The U.S. Army Corps of Engineers moved to suspend further construction of the Dakota Access Pipeline near Lake Oahe along the Missouri River, even though a federal judge on Friday rebuffed the tribe’s request to order the halt.

People gather at an encampment to support the Standing Rock Sioux Tribe's protest against the construction of the Dakota Access Pipe, near Cannon Ball, North Dakota, on Sept. 3, 2016. (Credit: ROBYN BECK/AFP/Getty Images)
People gather at an encampment to support the Standing Rock Sioux Tribe’s protest against the construction of the Dakota Access Pipe, near Cannon Ball, North Dakota, on Sept. 3, 2016. (Credit: ROBYN BECK/AFP/Getty Images)
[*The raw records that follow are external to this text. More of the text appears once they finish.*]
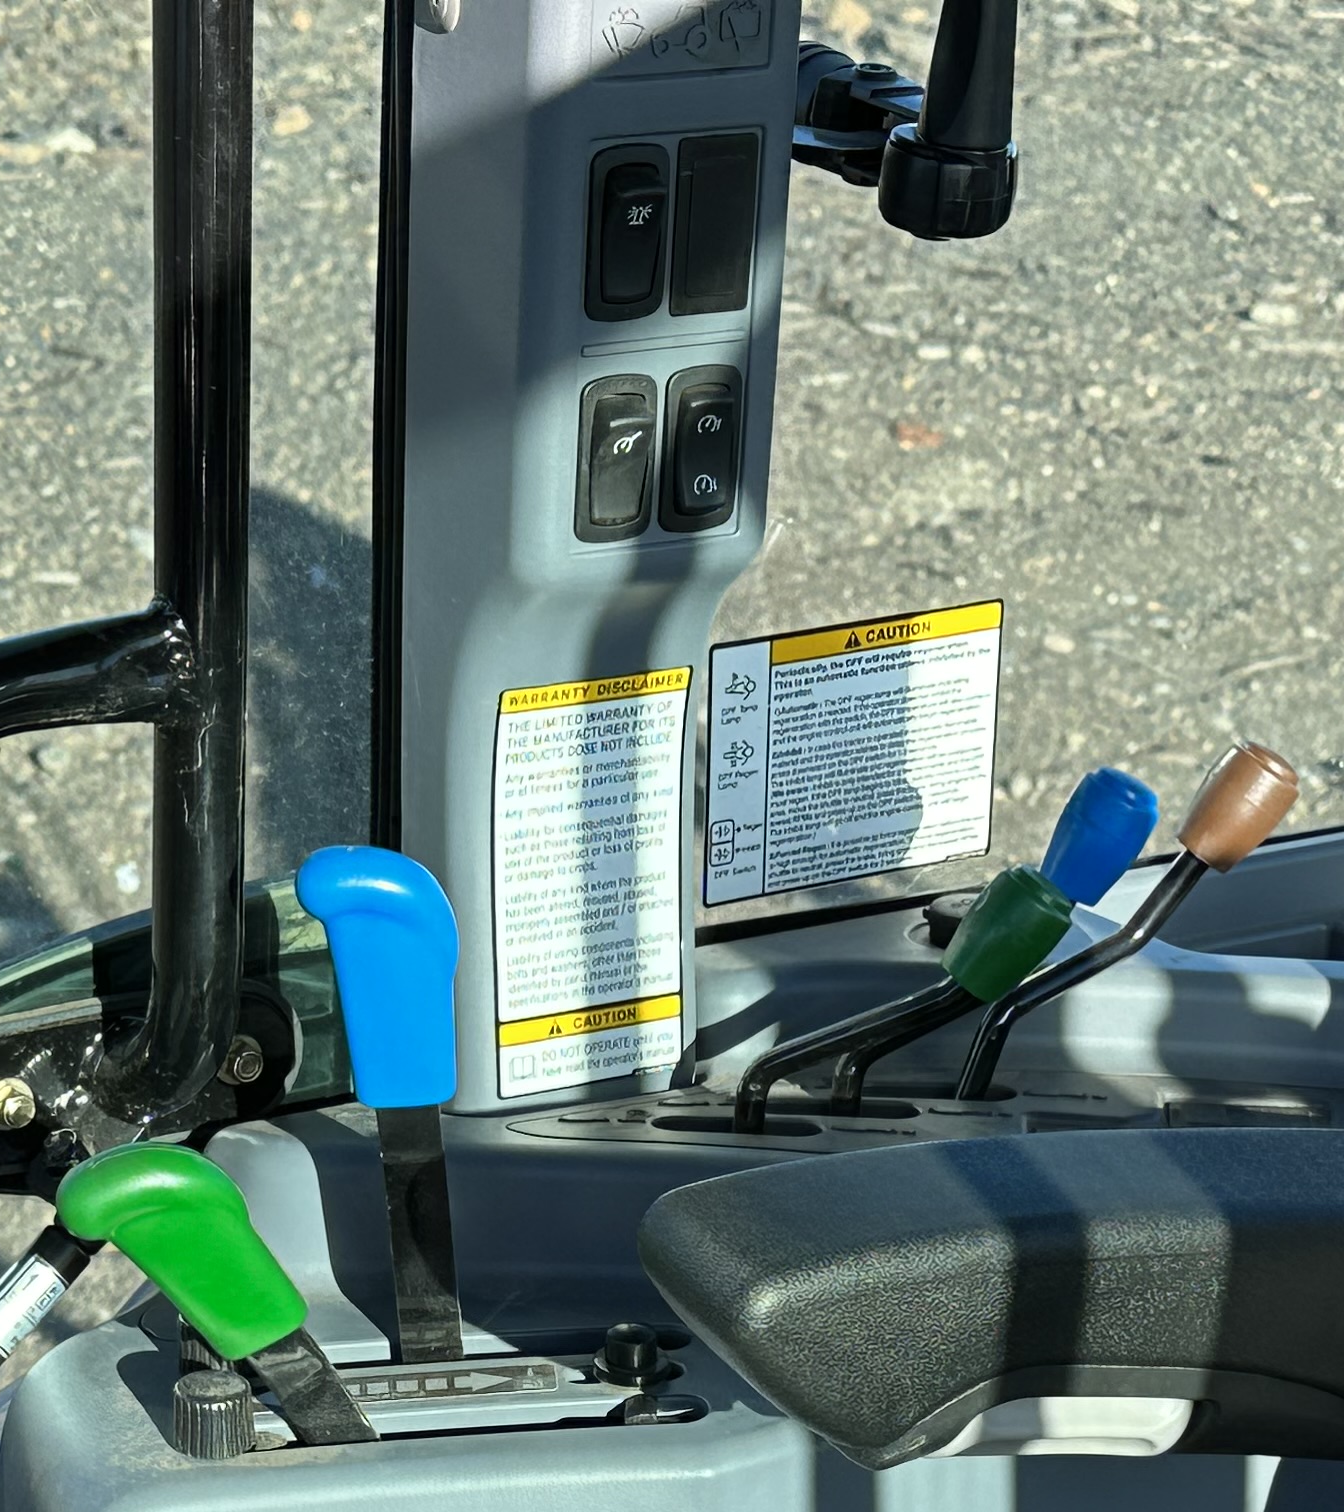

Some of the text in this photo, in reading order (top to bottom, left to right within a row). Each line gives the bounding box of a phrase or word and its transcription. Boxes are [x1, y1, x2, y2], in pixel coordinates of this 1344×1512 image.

[865, 621, 931, 644] CAUTION
[509, 673, 683, 707] WARRANTY DISCLAIMER
[507, 715, 675, 749] THE MANUFACTURER FOR ITS
[508, 701, 672, 733] THE LIMITED WARRANTY OF
[505, 747, 563, 766] PRODUCTS
[600, 737, 623, 753] NOT
[626, 730, 672, 748] INCLUDE
[573, 1006, 636, 1030] CAUTION
[542, 1048, 556, 1062] DO
[560, 1043, 582, 1058] NOT
[584, 1035, 629, 1056] OPERATE
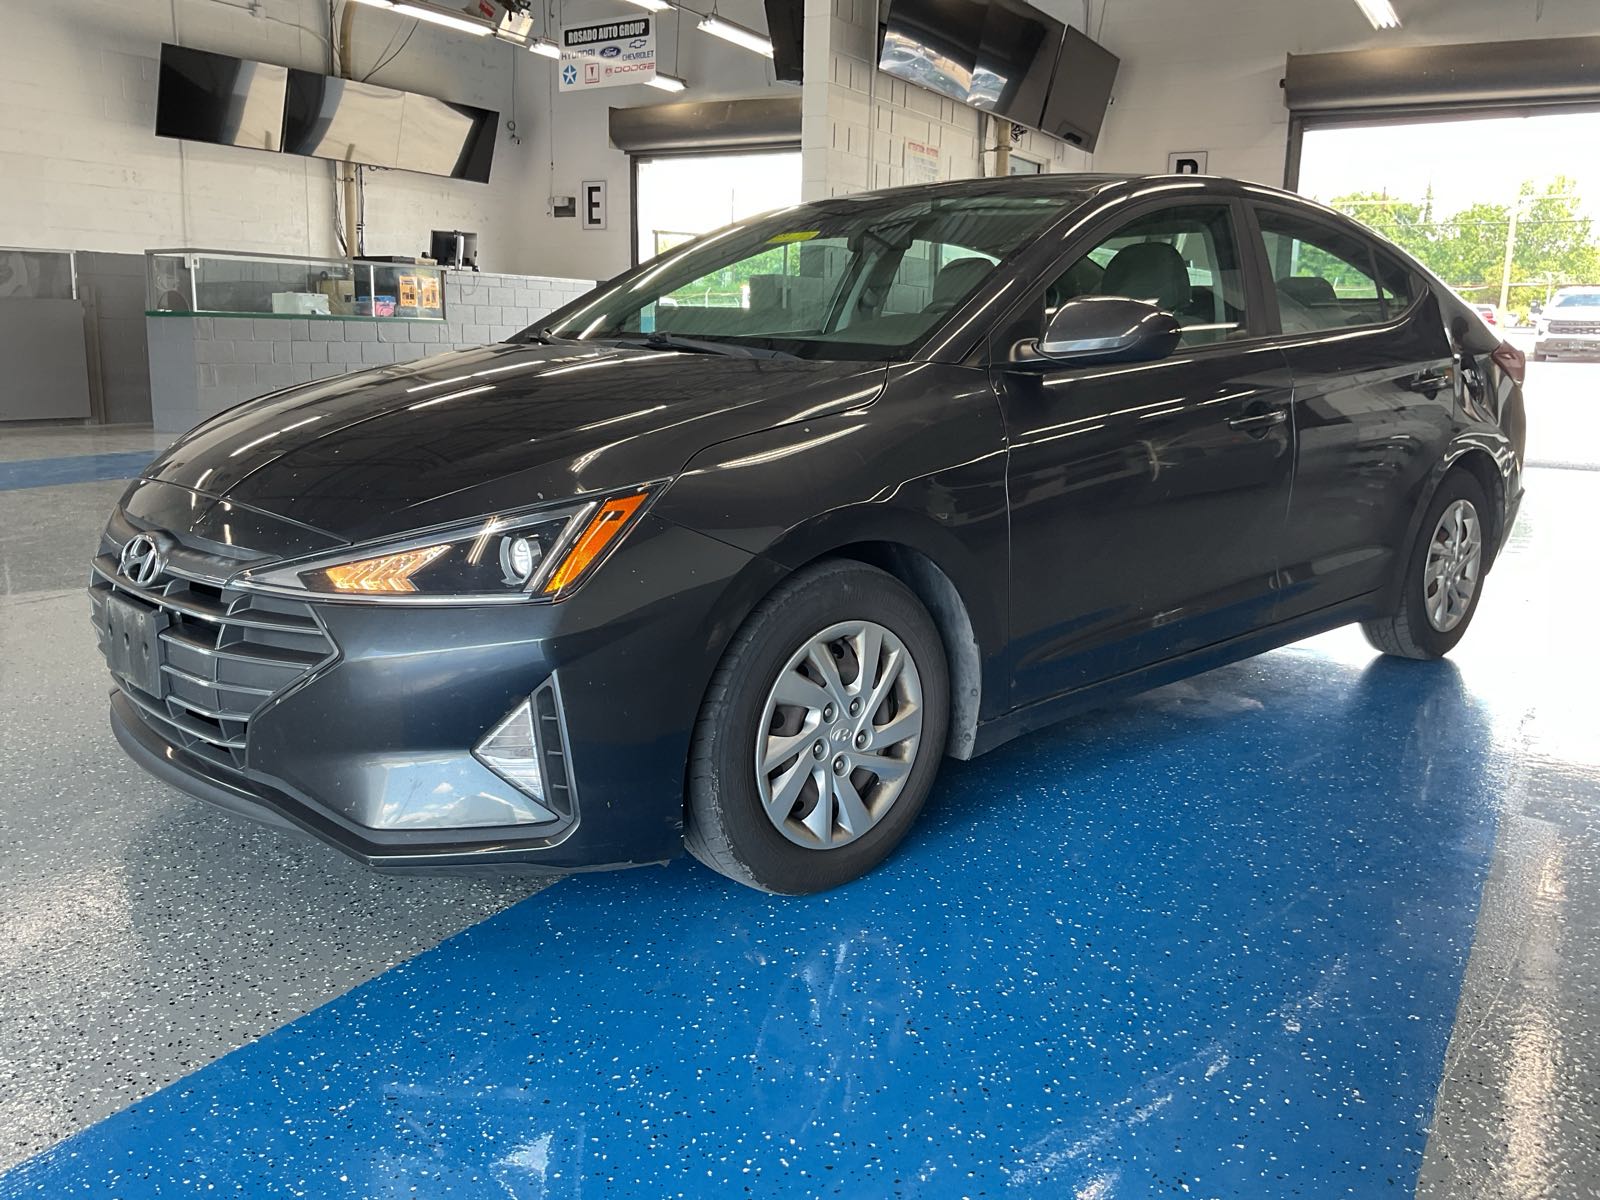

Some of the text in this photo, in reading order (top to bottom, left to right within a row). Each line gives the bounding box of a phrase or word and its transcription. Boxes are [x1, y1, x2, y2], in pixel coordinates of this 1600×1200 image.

[568, 21, 646, 44] ROSADO AUTO GROUP
[622, 50, 654, 61] CHEVROLET
[614, 62, 655, 73] DODGE
[588, 186, 601, 224] E
“Construction of the pipeline on Army Corps land bordering or under Lake Oahe will not go forward at this time,” the U.S. Army Corps of Engineers and two other federal departments said in a statement shortly after U.S. District Judge James E. Boasberg’s ruling in Washington, D.C.

Federal officials said they also would be asking the company building the pipeline to voluntarily pause all construction within 20 miles of the lake pending a thorough review of the permits, which they pledged would be conducted “expeditiously.”